• **YOUR OBJECTIVE**
Repeat every entry word for word, but leave the images out of your copy.

————

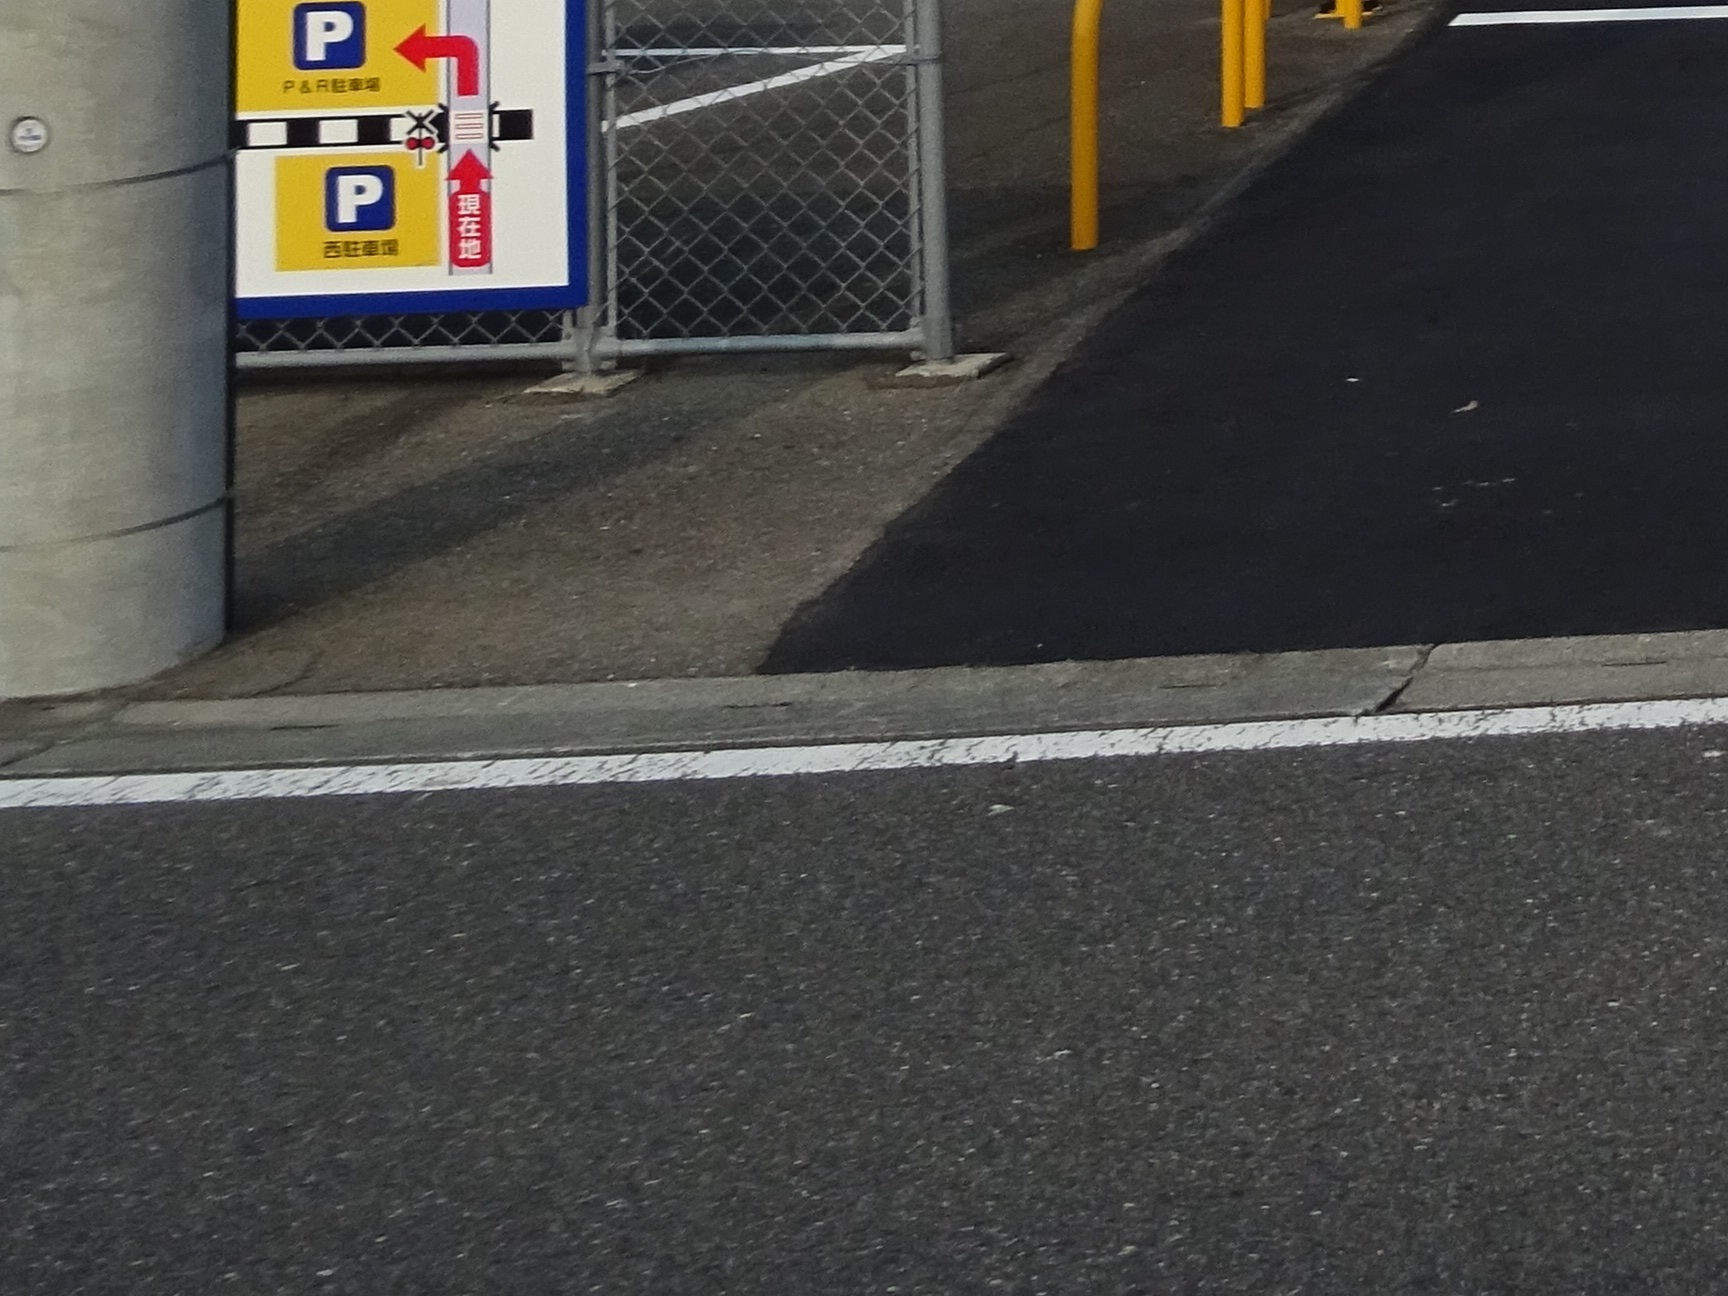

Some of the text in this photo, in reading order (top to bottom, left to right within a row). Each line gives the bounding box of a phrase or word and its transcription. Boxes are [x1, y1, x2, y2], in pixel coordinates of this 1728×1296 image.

[304, 10, 355, 62] P
[337, 173, 384, 224] P
[323, 239, 399, 259] 西駐車場
[457, 193, 482, 260] 現在地

————

• **RESPONSE**
Some of the text in this photo, in reading order (top to bottom, left to right within a row). Each line gives the bounding box of a phrase or word and its transcription. Boxes are [x1, y1, x2, y2], in pixel coordinates of this 1728×1296 image.

[304, 10, 355, 62] P
[337, 173, 384, 224] P
[323, 239, 399, 259] 西駐車場
[457, 193, 482, 260] 現在地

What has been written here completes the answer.